Le bandiere di Munster Rugby, la Red Army, solida franchigia irlandese

La Heineken Champions Cup ha tagliato il traguardo della quarta giornata, le prossime saranno a gennaio, un bilancio quindi si può già tracciare ed i risultati sono solo a tratti sorprendenti.

Si sono giocate 40 partite fra team di 5 Nations, tutte quelle del Sei Nazioni esclusa l’Italia (per celebrare la cosa il sito EPCR della Champions Cup ha pure cancellato la versione italiana delle sue pagine), solo 5 match si sono giocati fra squadre della stessa Nation (3 fra squadre inglesi e 2 fra francesi) le altre hanno costituito un bel mix capace di darci alcuni numeri provenienti direttamente dal campo sulla consistenza del rugby europeo professionistico messo a confronto.

L’Irlanda si conferma la vera Regina del torneo mentre il flop inglese si fa pesante ed assume i toni di un piccolo dramma.

Le squadre irlandesi hanno giocato 12 partite  ne hanno vinte 8 e perse 3 e pareggiata 1. Hanno vinto 5 partite con gli inglesi (più quella pareggiata) ma ne hanno perse 3 con squadre francesi con le quali ne hanno vinta solo 1. Un risultato eccellente se si considera anche che i 4 team irlandesi sono tutti in lizza per il passaggio del turno.

Il rugby inglese invece piange lacrime amare con i soli Saracens a tenere alta la bandiera. Sono 22 i match disputati dagli inglesi con squadre di altra Nation, 8 le vittorie (4 con francesi, 3 con gallesi ed 1 con team scozzese) e ben 13 le sconfitte dove alle 5 ilrandesi vanno contate anche le 6 con team francesi e ben 2 con gli scozzesi. Una situazione imbarazzante.

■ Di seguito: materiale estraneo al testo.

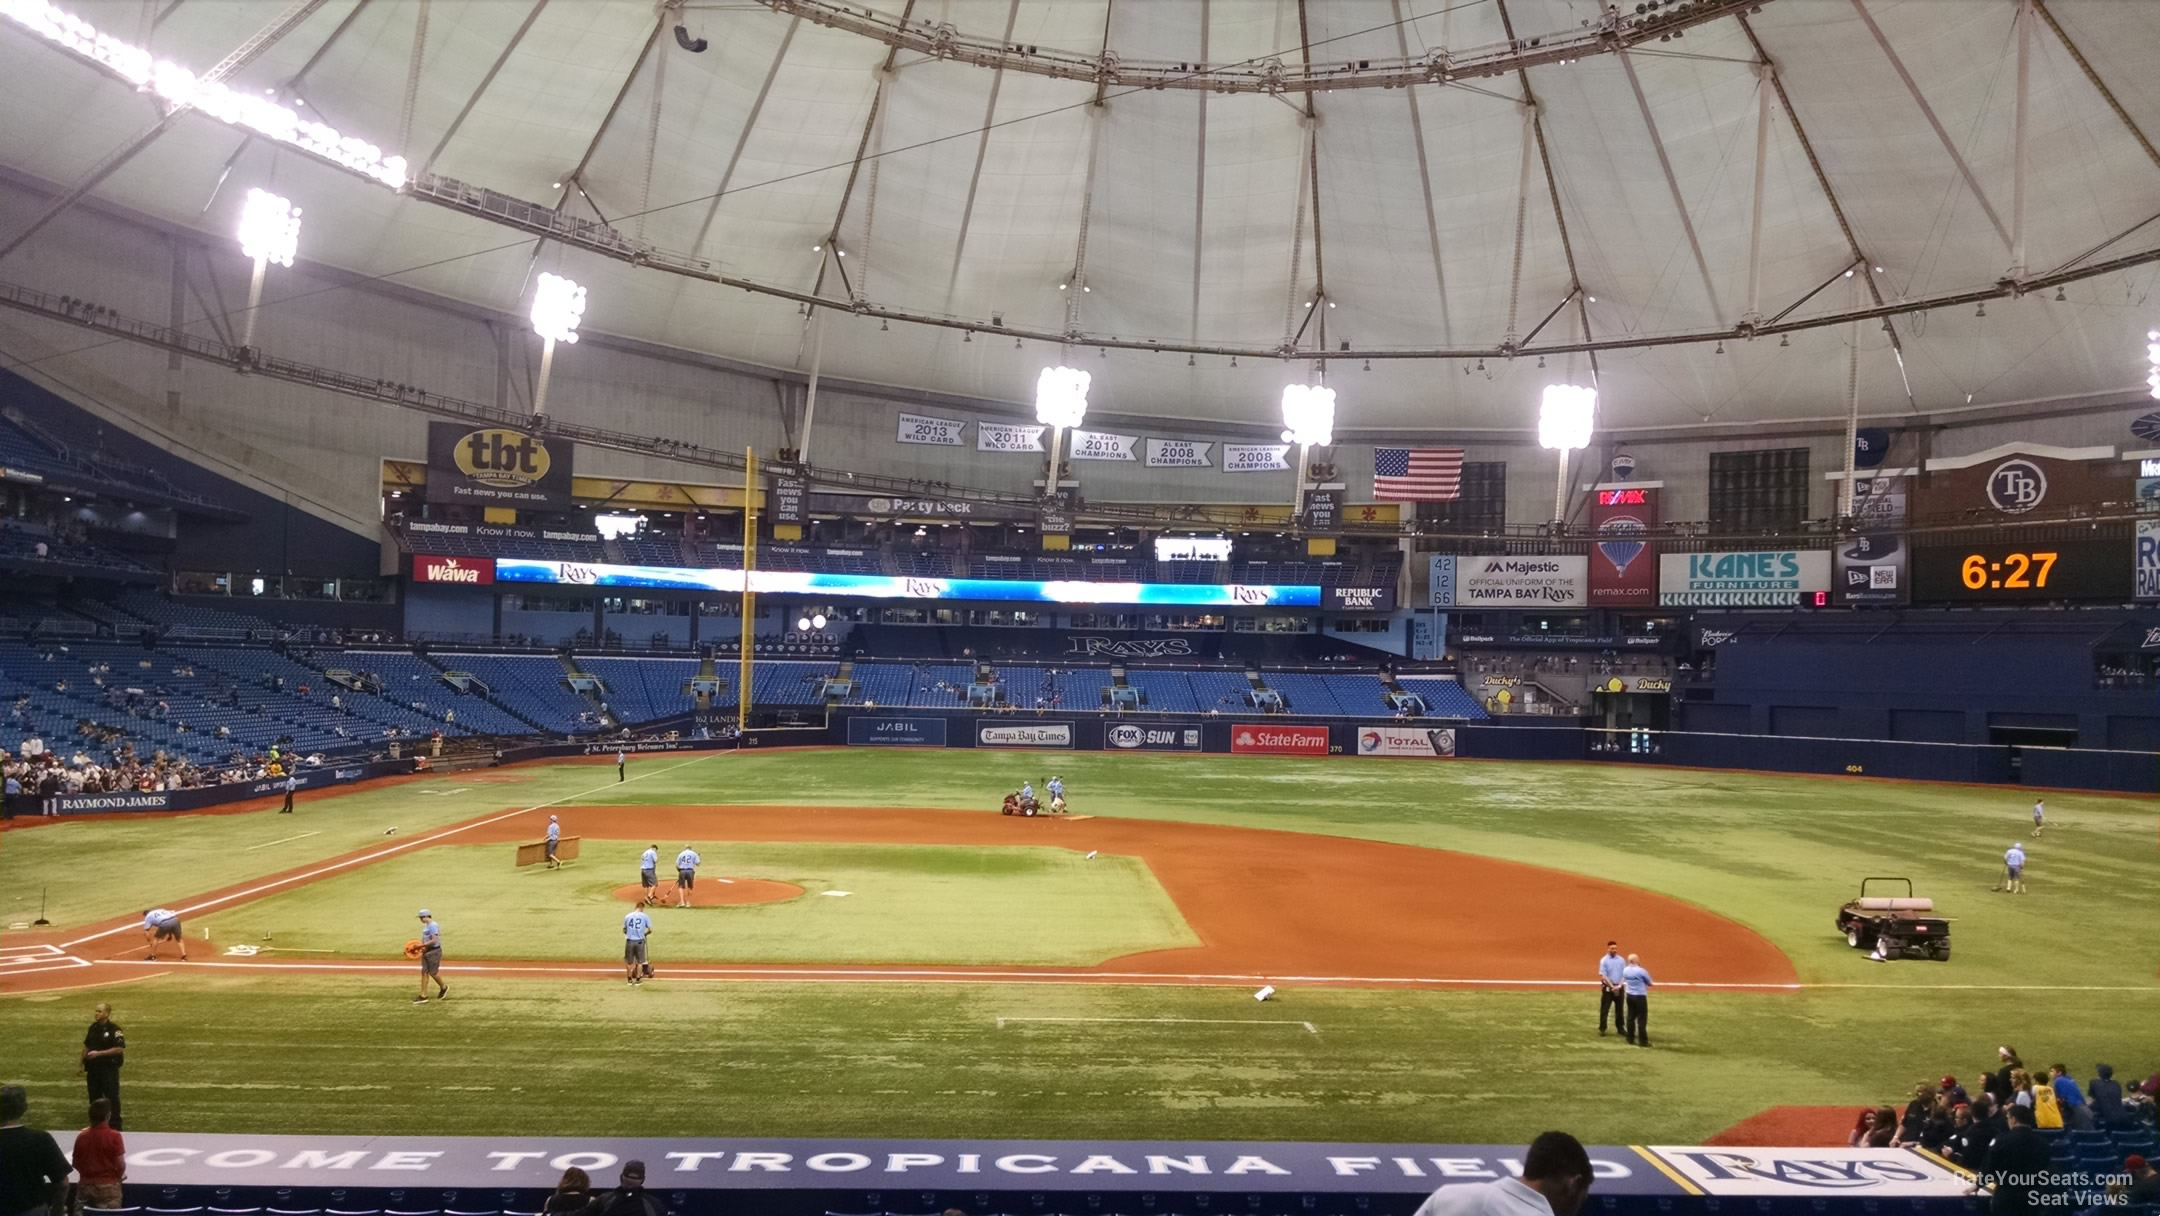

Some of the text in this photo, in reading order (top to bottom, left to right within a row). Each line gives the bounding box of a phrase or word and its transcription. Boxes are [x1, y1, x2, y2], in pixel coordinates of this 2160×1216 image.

[901, 417, 934, 425] AMERICAN
[915, 424, 948, 437] 2013
[905, 433, 954, 444] WILD CARD
[994, 432, 1026, 443] 2011
[1010, 442, 1034, 450] CARD
[1085, 440, 1120, 452] 2010
[1856, 437, 1869, 451] TB
[467, 433, 538, 474] tbt
[1075, 450, 1128, 459] CHAMPIONS
[1161, 448, 1194, 458] 2008
[1238, 452, 1273, 463] 2008
[1150, 457, 1203, 466] CHAMPIONS
[1228, 462, 1281, 470] CHAMPIONS
[776, 487, 802, 496] news
[1998, 470, 2037, 503] TB
[454, 486, 472, 495] Fast
[530, 493, 548, 501] use.
[780, 495, 799, 505] you
[780, 503, 798, 512] can
[779, 512, 799, 521] use.
[410, 522, 597, 542] tampabay.com Know it now. tampabay.com
[1041, 522, 1070, 532] buzz?
[1859, 537, 1870, 551] TB
[827, 548, 863, 556] tampabay.com
[1434, 559, 1451, 571] 42
[1506, 561, 1560, 575] Majestic
[1690, 553, 1799, 579] KANE'S
[427, 563, 477, 582] Wawa
[1962, 553, 2058, 589] 6:27
[1437, 575, 1449, 588] 12
[1693, 581, 1793, 590] FURNITURE
[1335, 588, 1382, 598] REPUBLIC
[1469, 589, 1512, 599] TAMPA
[1515, 589, 1540, 599] BAY
[1593, 587, 1649, 596] remax.com
[1345, 597, 1372, 606] BANK
[1434, 592, 1451, 604] 66
[1068, 636, 1193, 658] RAYS
[1638, 678, 1671, 691] Ducky
[695, 715, 708, 723] 162
[877, 722, 918, 732] JABIL
[985, 730, 1066, 742] Tampa Bay Times
[1117, 730, 1138, 738] FOX
[1147, 730, 1175, 744] SUN
[1387, 737, 1428, 746] TOTAL
[602, 743, 636, 752] Petersburg
[1330, 745, 1343, 753] 370
[1846, 765, 1863, 773] 404
[62, 796, 166, 809] RAYMOND JAMES
[681, 855, 692, 864] 42
[628, 918, 642, 929] 42
[488, 1151, 619, 1172] TO
[665, 1151, 1292, 1175] TROPICANA

La Francia ha 20 match con squadre di altre Nations, 11 vittorie e 9 sconfitte ma si conferma bestia nera solo dei team irlandesi. Una posizione in equilibrio con 3 delle sue 5 partecipanti in posizione di possibile passaggio al prossimo turno.

La Scozia conferma il momento magico del suo rugby (6 vittorie e 2 sconfitte) mentre il Galles il suo momento di grande difficoltà (1 vittoria e 7 sconfitte).

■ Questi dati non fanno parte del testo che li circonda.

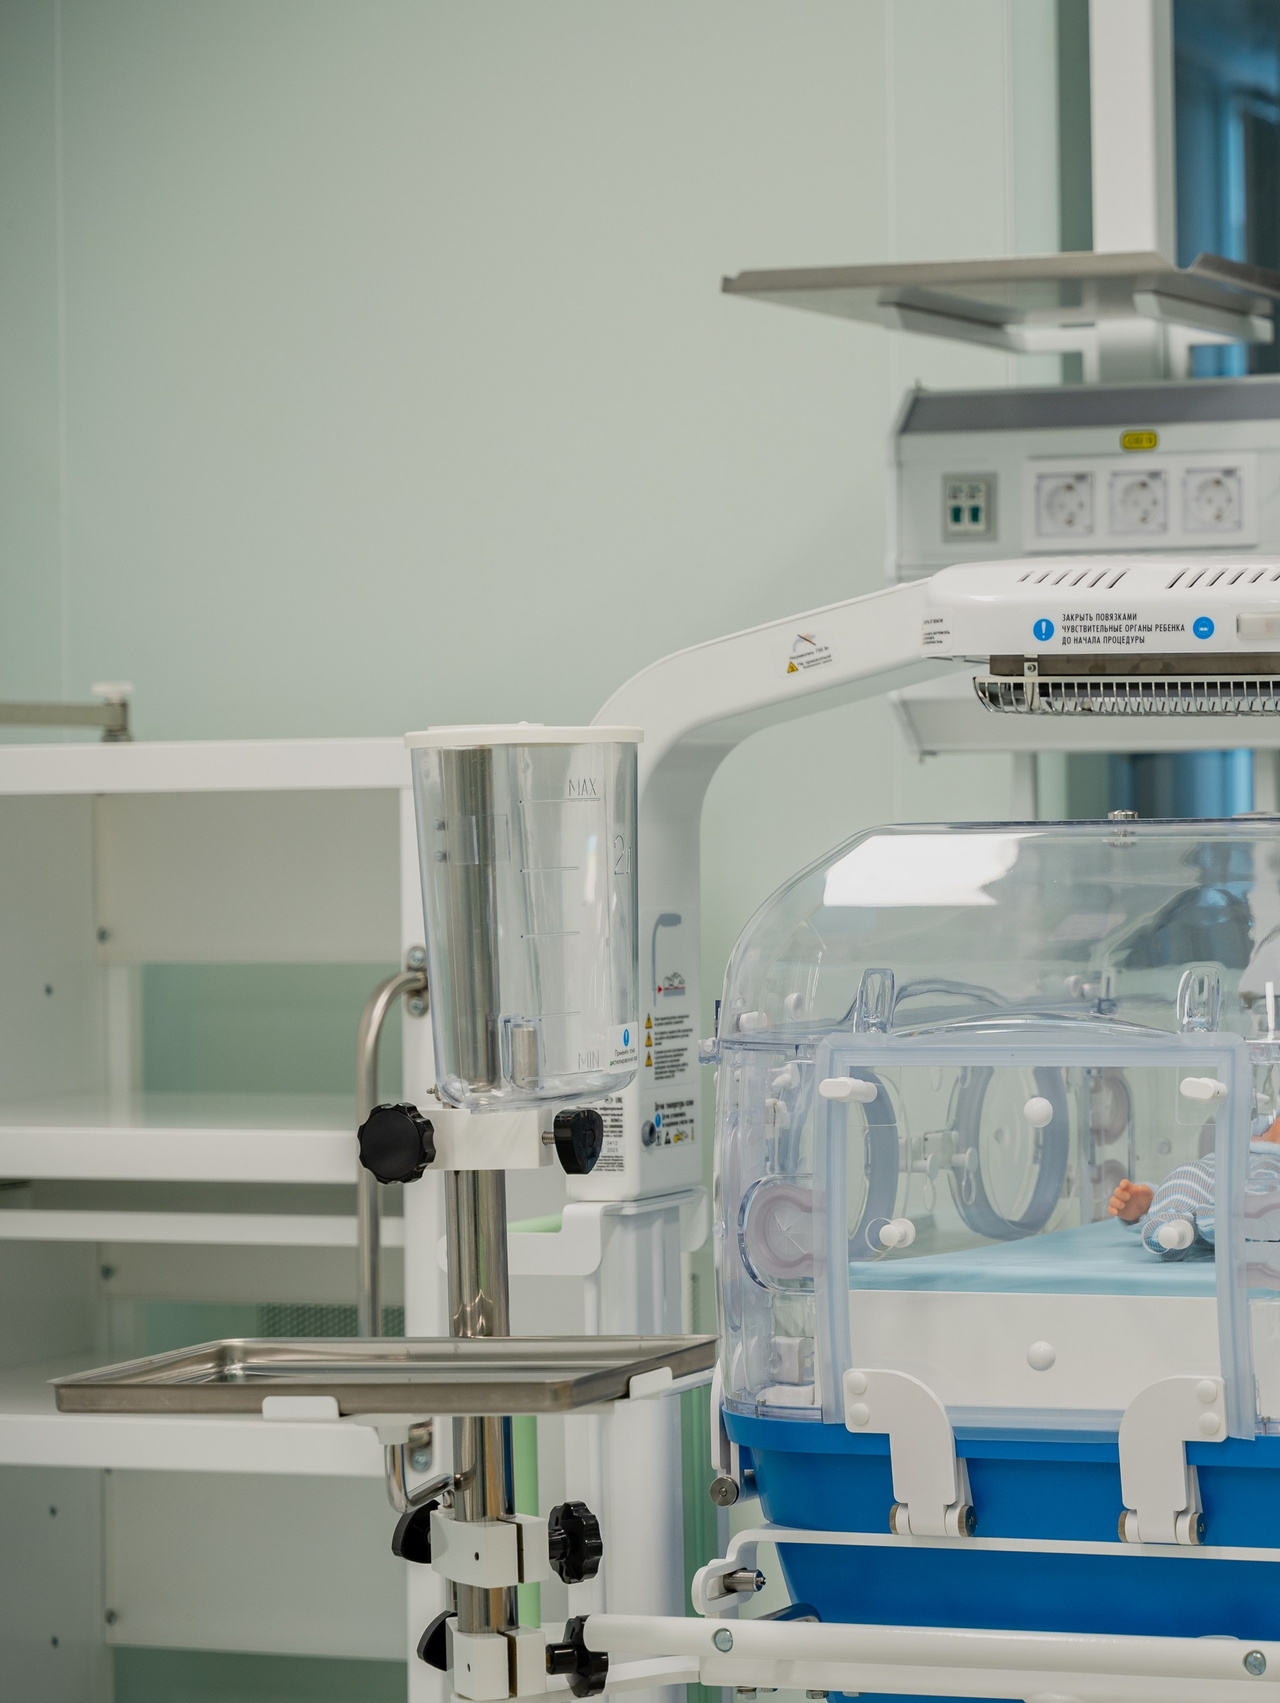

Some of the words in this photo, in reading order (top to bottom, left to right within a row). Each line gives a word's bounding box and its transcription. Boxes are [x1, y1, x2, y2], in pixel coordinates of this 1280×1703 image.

[1062, 613, 1093, 622] ЗАКРЫТЬ
[1095, 613, 1137, 622] ПОВЯЗКАМИ
[1062, 624, 1123, 633] ЧУВСТВИТЕЛЬНЫЕ
[1124, 624, 1153, 633] ОРГАНЫ
[1154, 624, 1185, 632] РЕБЕНКА
[1062, 636, 1072, 645] ДО
[1073, 636, 1101, 644] НАЧАЛА
[1103, 636, 1145, 645] ПРОЦЕДУРЫ
[568, 778, 597, 796] MAX
[578, 1050, 600, 1070] MIN

Sono risultati parziali ma, non è un caso, ben rappresentatvi della situazione delle Nation del massimo panorama europeo. La crisi profonda inglese, fatta di sconfitte della Nazionale trova una sua corrispondenza amara anche fra i club ed i successi irlandesi allo stesso modo. Insomma la vita dei club è ovviamente specchio delle sorti delle rispettive Nazionali.

Il paragone fra noi italiani, esclusi, e la Scozia, è purtroppo evidente. Anche la Scozia ha solo due franchigie in Pro14 ma entrambe si sono qualificate per la Champions Cup. Non solo, una guida il girone 5 e l’altra è in posizione di passaggio del turno nel girone 3. Chiudiamola qui.

Fuor di paragone l’Irlanda che si dimostra il paese con maggiori doti di programmazione, selezione e crescita di talenti. IRFU ha già “confessato” grandi progetti per tutti e due i prossimi mondiali. Quando si impara a guardare lontano non si riesce più di farne a meno.